Temperature‐Responsive Photonic Devices Based on Cholesteric Liquid Crystals

• Published in: Advanced photonics research Vol. 2; no. 7
• Main Authors: Zhang, Weixin, Froyen, Arne A. F., Schenning, Albertus P. H. J., Zhou, Guofu, Debije, Michael G., de Haan, Laurens T.
• Format: Journal Article
• Language: English
• Published: Hoboken John Wiley & Sons, Inc 01.07.2021; Wiley-VCH
• Subjects: cholesteric liquid crystals; Crystals; Handedness; Light; Phase transitions; photonic crystals; photonic devices; Polymers; temperature-responsive reflective colors
• ISSN: 2699-9293; 2699-9293
• DOI: 10.1002/adpr.202100016

Cholesteric liquid crystals (CLCs) are a major class of photonic materials that display selective reflection properties arising from their helical ordering. The temperature response of CLCs, comprising dynamic reflection color changes upon variation of temperature, is exploited using material systems consisting of small mesogenic molecules, polymer‐dispersed liquid crystals (PDLCs), polymer‐stabilized liquid crystals (PSLCs), or liquid‐crystalline polymers. Taking advantage of the easy processability and flexibility of the molecular design, these temperature‐responsive CLCs are fabricated into different forms of photonic devices, including cells, coatings, free‐standing films, and 3D objects.
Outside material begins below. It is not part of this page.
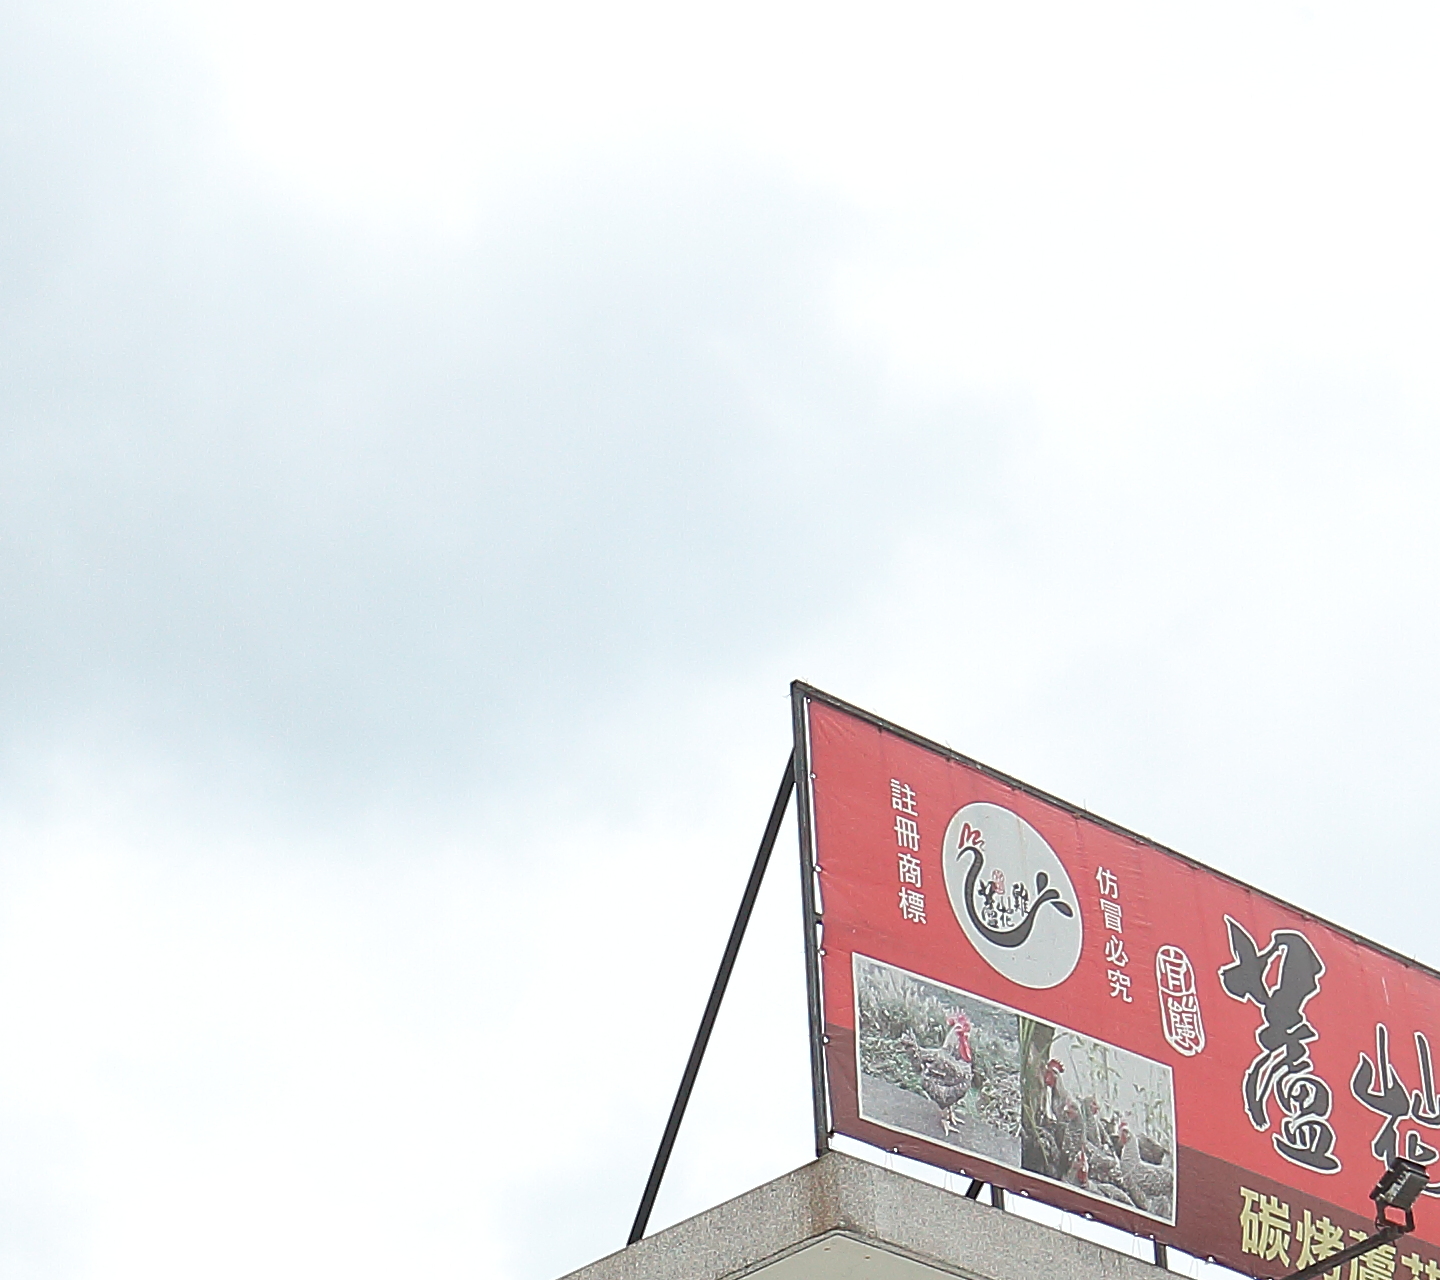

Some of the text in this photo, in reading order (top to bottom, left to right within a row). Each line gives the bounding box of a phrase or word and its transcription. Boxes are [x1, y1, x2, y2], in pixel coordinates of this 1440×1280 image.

[889, 777, 927, 925] 註冊商標
[1095, 865, 1134, 1004] 仿冒必究
Temperature‐responsive devices developed from CLCs are integrated for application in temperature sensors, energy‐saving smart windows, smart labels, actuators, and adding aesthetically pleasing features to common objects. Herein, the device capabilities of the different material systems of temperature‐responsive CLCs are summarized: small mesogenic molecules, PDLCs, PSLCs, and CLC polymers. For each system, examples of different device forms are presented, with their temperature responsiveness and the underlying mechanisms discussed. In addition, the potential of each material system for future device applications and product developments is envisioned. Temperature‐responsive cholesteric liquid crystals are an important class of photonic materials that show dynamic reflection properties upon temperature changes. The mechanisms that induce such temperature responses are discussed and related to the different molecular systems. A summary of design strategies, opportunities, challenges, and possible device structures is presented with a focus on photonic applications.